Ten years ago, that would have been the opening line to a bad joke. Today, it’s the lede to a news article—and a reminder of how much Nicaragua has evolved in a short time.

Since the 1980s, Nicaragua has gone from being a complete economic basket case to becoming Central America’s fastest-growing economy after Panama. And no one is more surprised by that progress than Nicaragua itself.

“In 2006, when I talked to other leaders of the business sector, no one at that moment expected that we would be where we are today; no one thought that the private sector would have the role we do today,” said José Adan Aguerri, president of COSEP, the Nicaragua’s association of business chambers.
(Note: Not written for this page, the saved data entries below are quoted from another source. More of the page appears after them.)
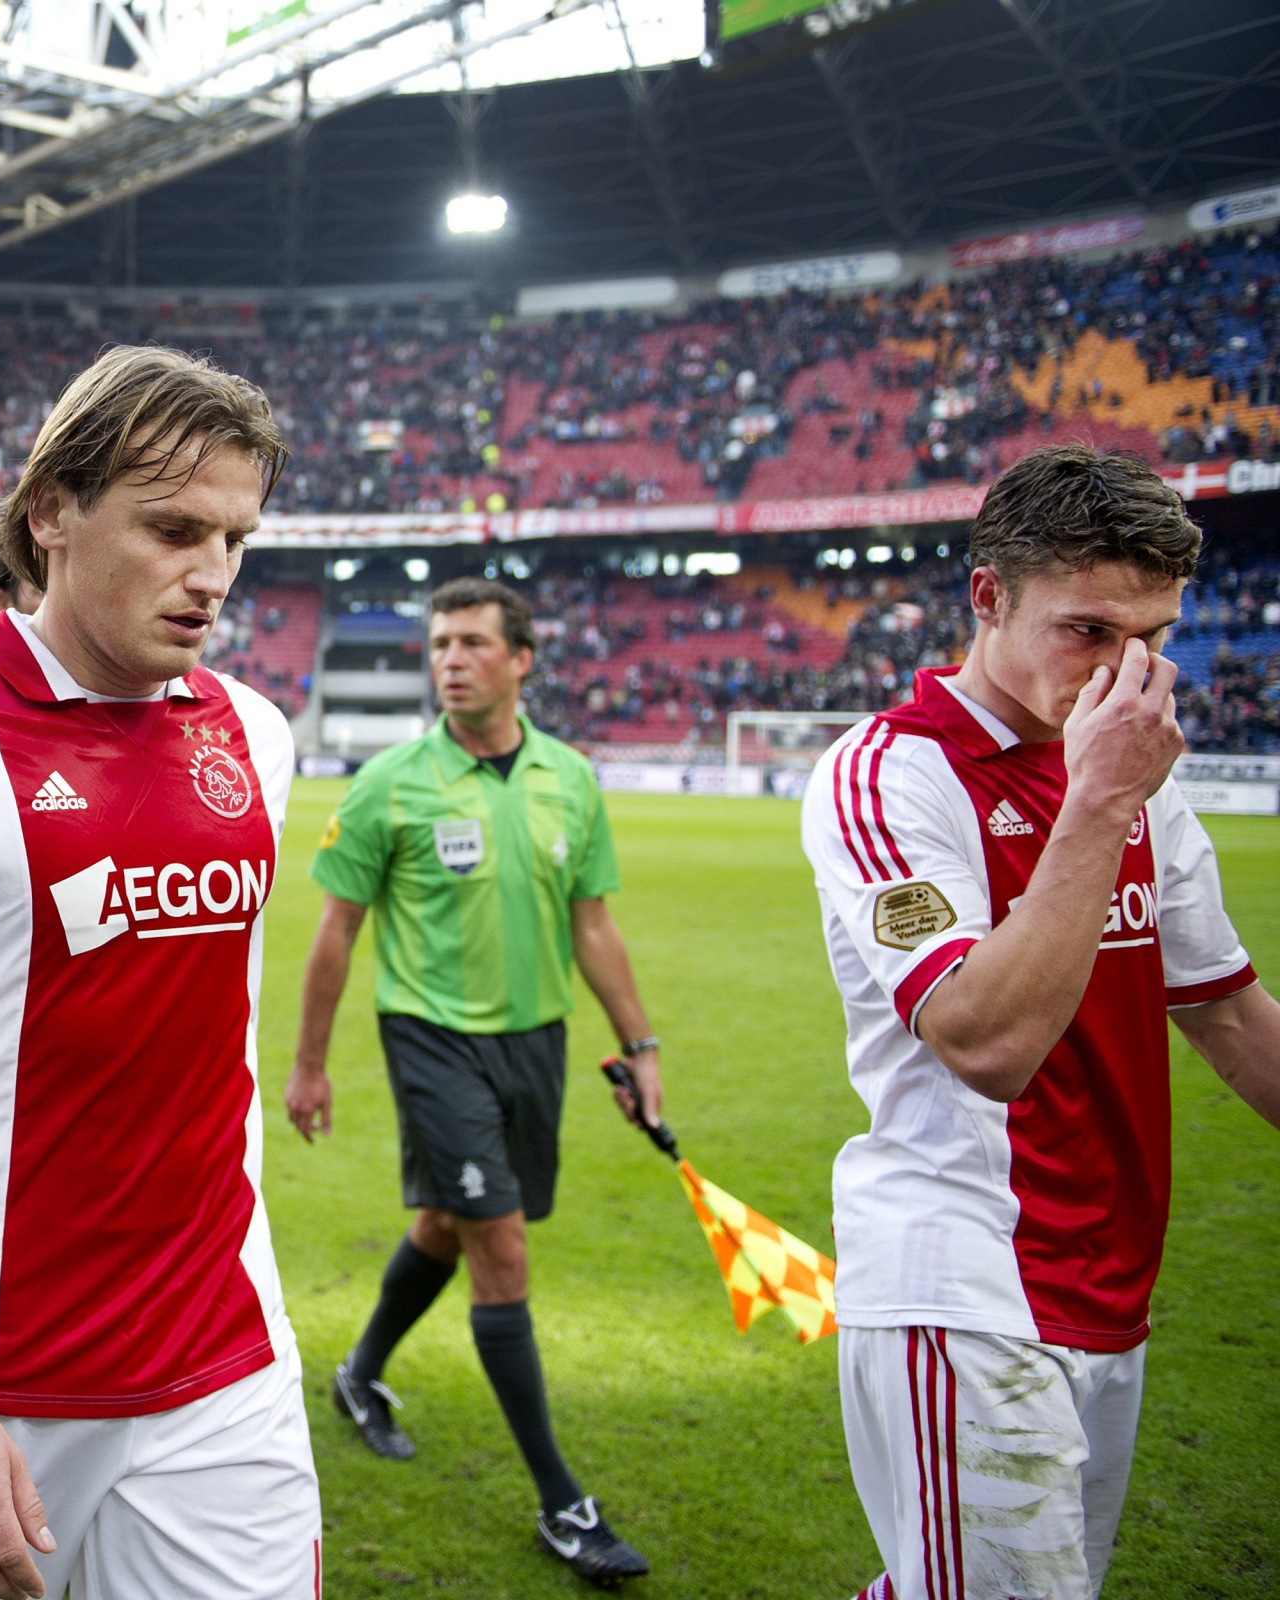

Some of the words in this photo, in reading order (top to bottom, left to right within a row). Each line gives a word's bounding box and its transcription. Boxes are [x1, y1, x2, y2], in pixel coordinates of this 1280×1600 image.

[188, 744, 212, 779] AJAX
[31, 795, 88, 811] adidas
[443, 841, 477, 853] FIFA
[97, 858, 268, 927] AEGON
[1103, 882, 1159, 934] GON
[889, 920, 916, 934] Meer
[918, 914, 938, 925] dan
[896, 923, 936, 940] Voetbal
Speaking at a Nicaragua panel discussion hosted by the Council of the Americas at Washington’s National Press Club last week, Aguerri noted that Nicaragua’s economy over the past eight years has gone from the slowest growth rate in the region to the highest. “Today we talk about how a 4.5-percent growth rate is not sufficient,” he said. “That’s a good problem.”

Retired Gen. Alvaro Baltodano, President Daniel Ortega’s delegate for investment promotion and trade facilitation, listed Nicaragua’s economic achievements in greater detail. He noted that Nicaragua’s has outpaced the rest of Central America in foreign investment growth, while at the same time leading the region the region in export growth —up 130%— under the U.S.-Central American Free Trade Agreement (CAFTA).

Baltodano credits the government for laying the groundwork for that growth.

“You can’t have economic development without energy,” he said, noting that Nicaragua has made huge strides to wean the country off its oil dependency and switch to renewable energy sources. In addition, Nicaragua has increased electrification from 50% to 80% over the past eight years, he said.

Baltodano acknowledged that Nicaragua still has the highest energy costs in the region, and said the next battle in its energy revolution is to lower costs for homeowners and businesses.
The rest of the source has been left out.